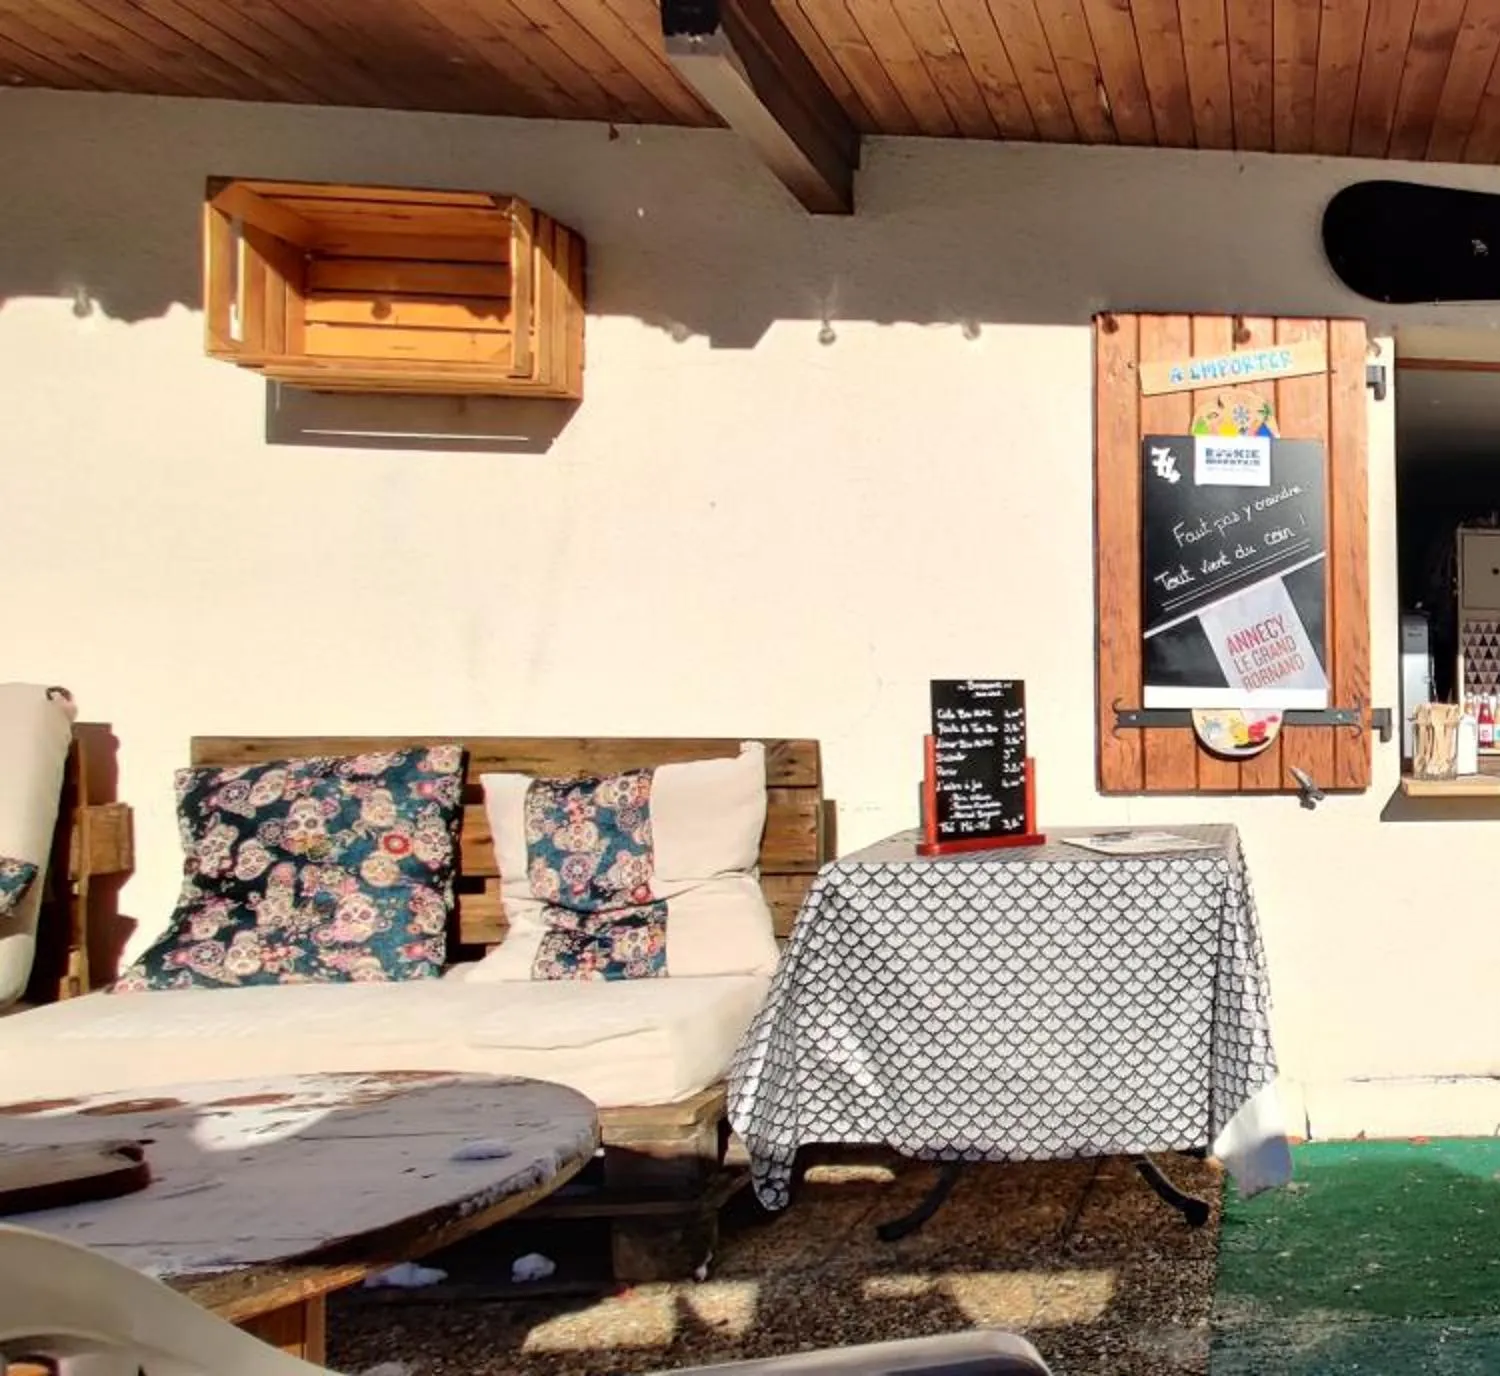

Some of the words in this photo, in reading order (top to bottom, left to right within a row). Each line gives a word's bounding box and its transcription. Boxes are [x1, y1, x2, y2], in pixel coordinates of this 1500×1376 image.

[1172, 516, 1211, 547] Faut
[1214, 511, 1240, 537] pas
[1154, 565, 1195, 591] Tout
[1200, 552, 1231, 575] vient
[1235, 544, 1256, 559] du
[1264, 526, 1296, 546] coin
[1226, 614, 1285, 657] ANNECY
[1233, 656, 1252, 675] LE
[1253, 635, 1297, 668] GRAND
[1241, 655, 1305, 693] BORNAND
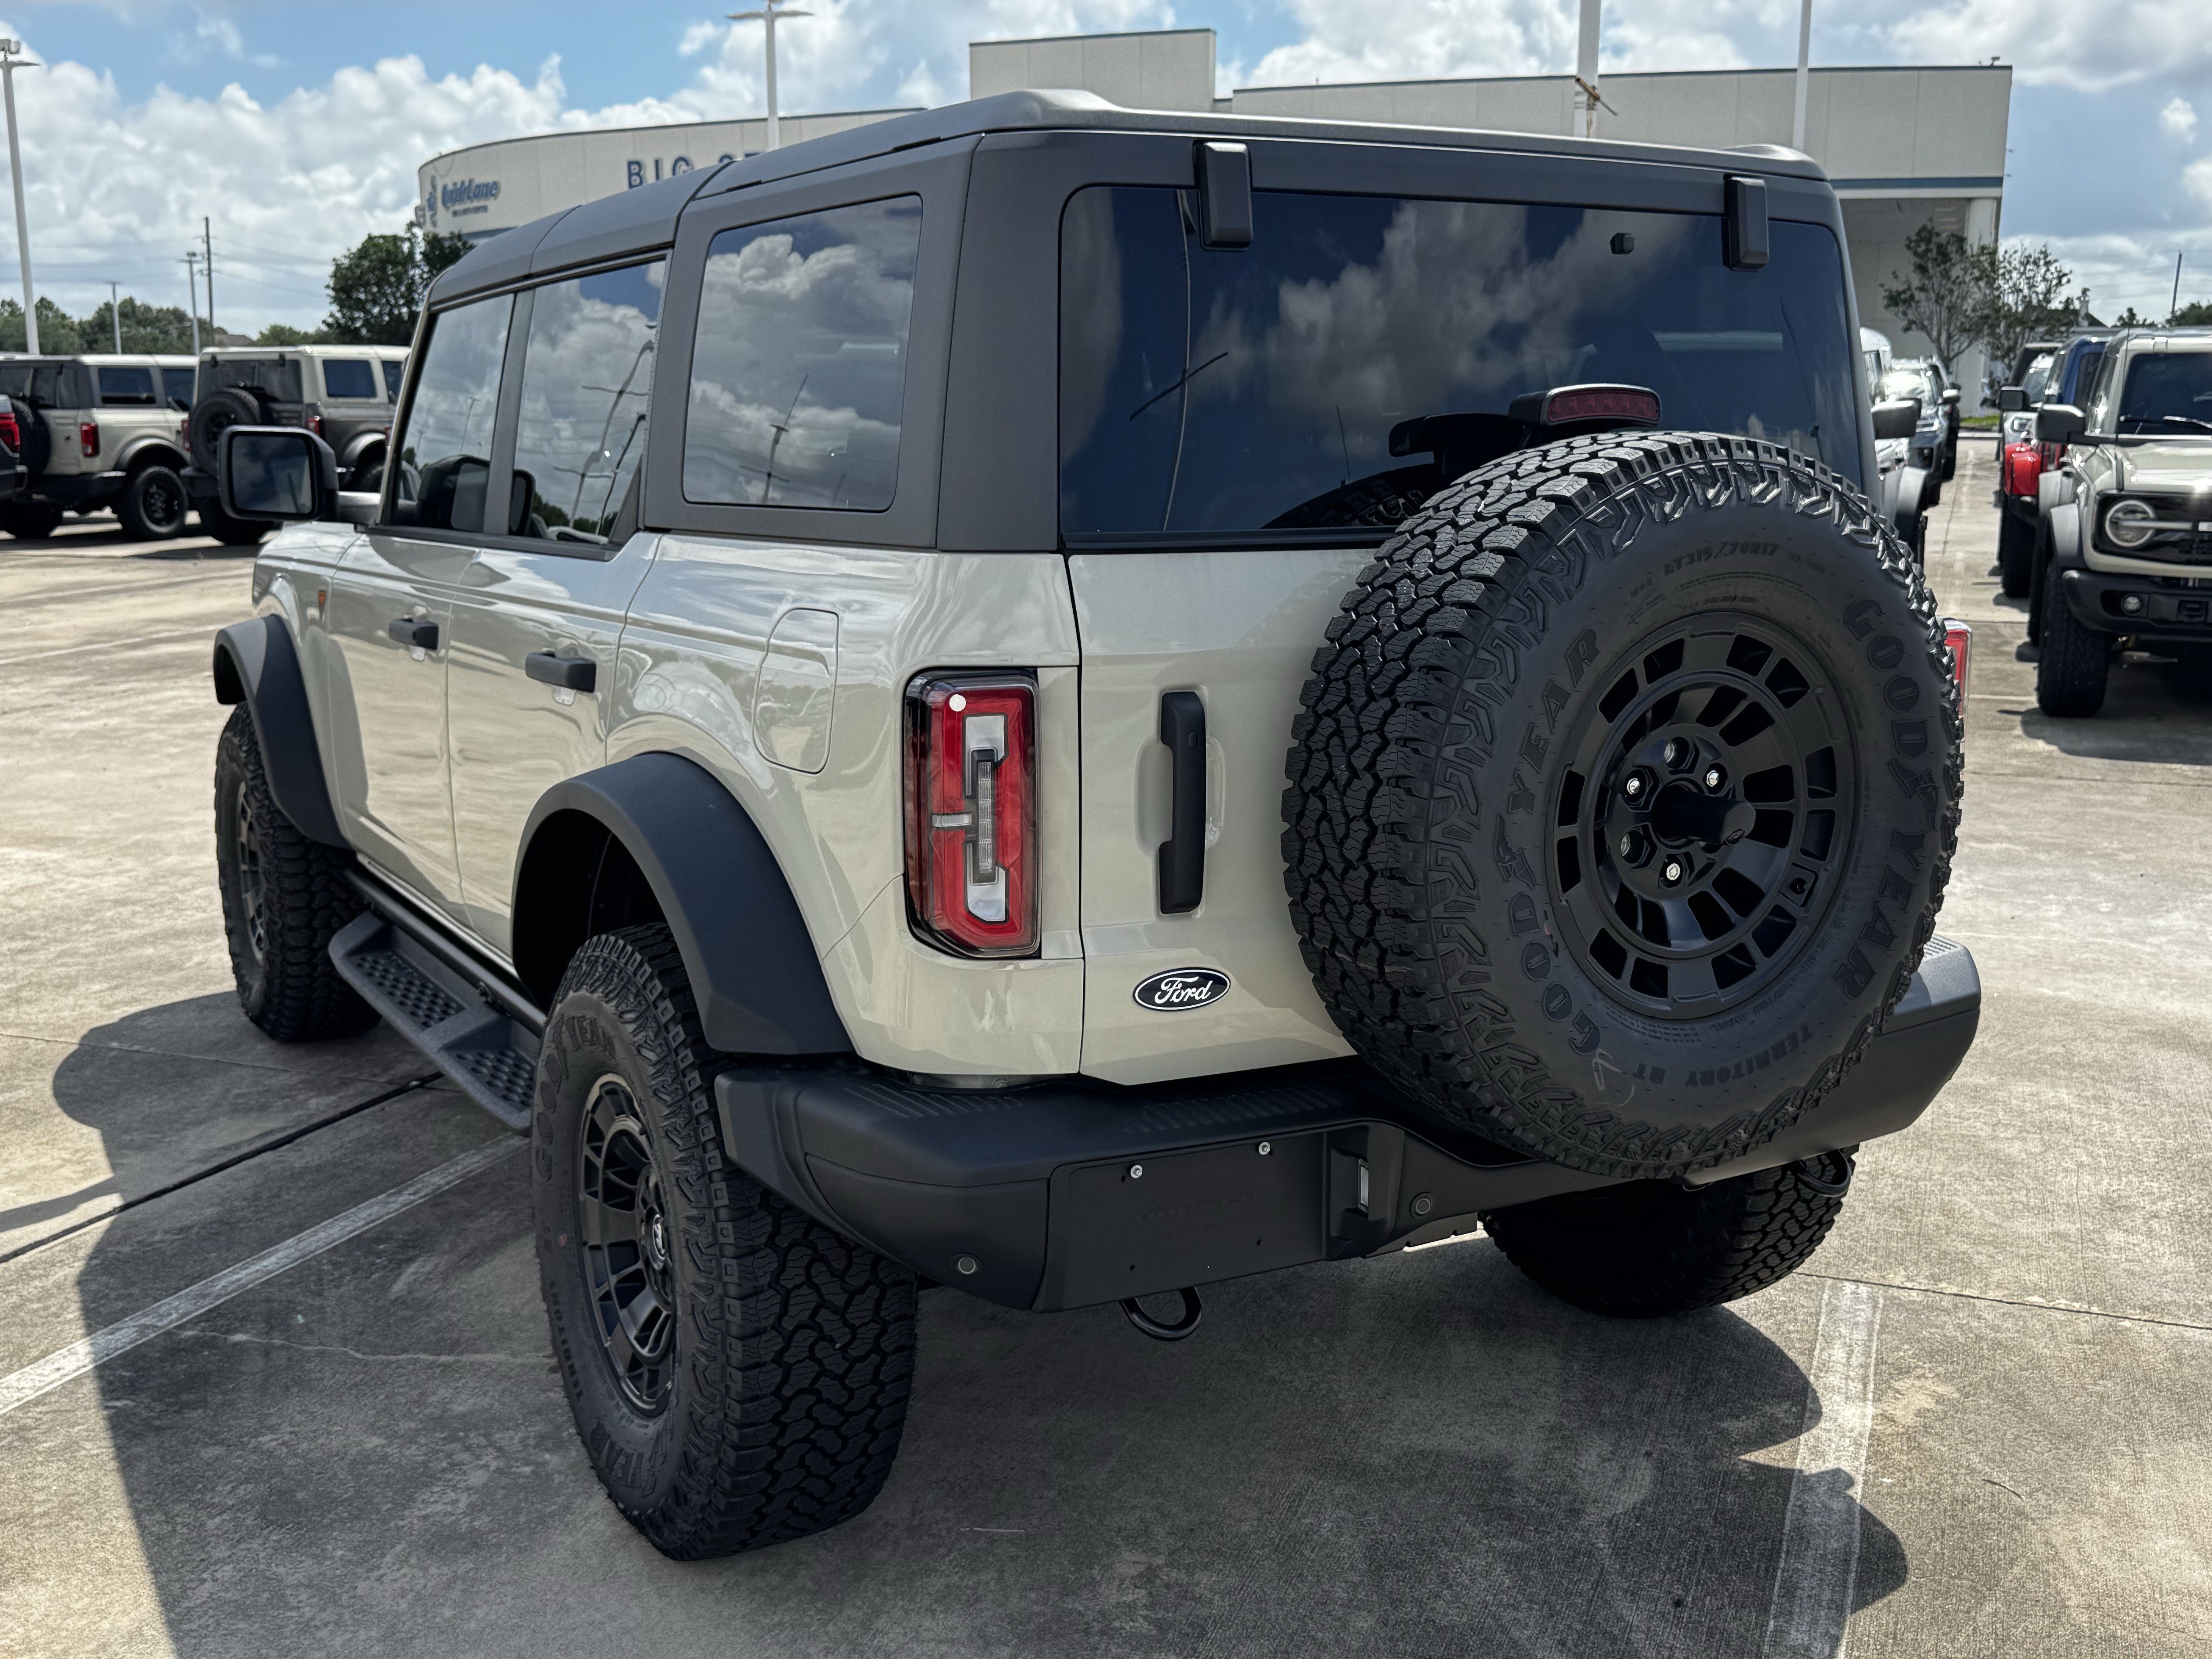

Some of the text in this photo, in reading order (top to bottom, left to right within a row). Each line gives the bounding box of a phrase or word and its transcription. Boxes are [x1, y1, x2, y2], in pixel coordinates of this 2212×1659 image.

[627, 156, 694, 189] BIG
[1154, 976, 1213, 1004] Ford
[1632, 1022, 1814, 1087] TERRITORY RT
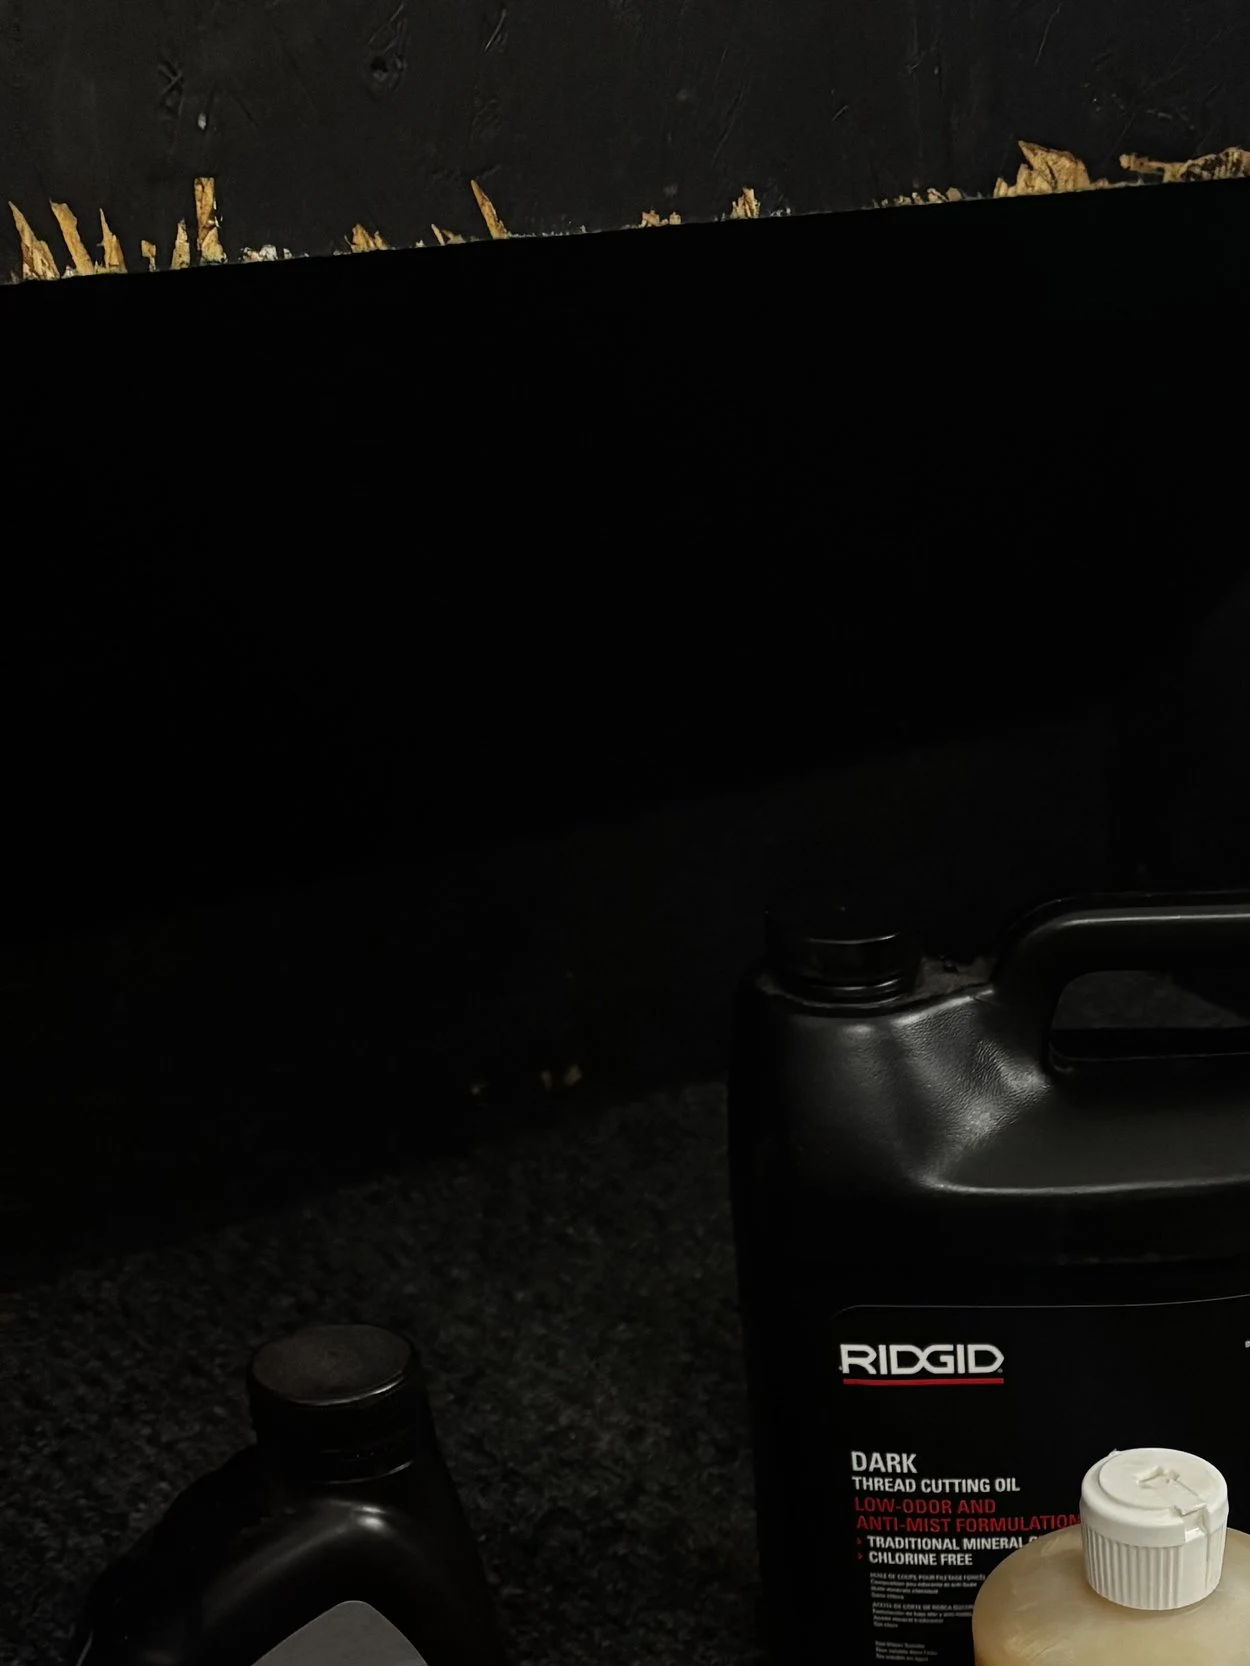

:: Exercise description ::
If a record holds a picture, skip the picture and write out everything else exactly.

:: Output below ::
Some of the words in this photo, in reading order (top to bottom, left to right within a row). Each line gives a word's bounding box and its transcription. Boxes are [x1, y1, x2, y2], in pixel coordinates of this 1500×1376 image.

[1172, 516, 1211, 547] Faut
[1214, 511, 1240, 537] pas
[1154, 565, 1195, 591] Tout
[1200, 552, 1231, 575] vient
[1235, 544, 1256, 559] du
[1264, 526, 1296, 546] coin
[1226, 614, 1285, 657] ANNECY
[1233, 656, 1252, 675] LE
[1253, 635, 1297, 668] GRAND
[1241, 655, 1305, 693] BORNAND

Some of the text in this photo, in reading order (top to bottom, left to right within a row). Each line gives the bounding box of a phrase or word and its transcription. Boxes are [x1, y1, x2, y2], in pixel coordinates of this 2212×1659 image.

[627, 156, 694, 189] BIG
[1154, 976, 1213, 1004] Ford
[1632, 1022, 1814, 1087] TERRITORY RT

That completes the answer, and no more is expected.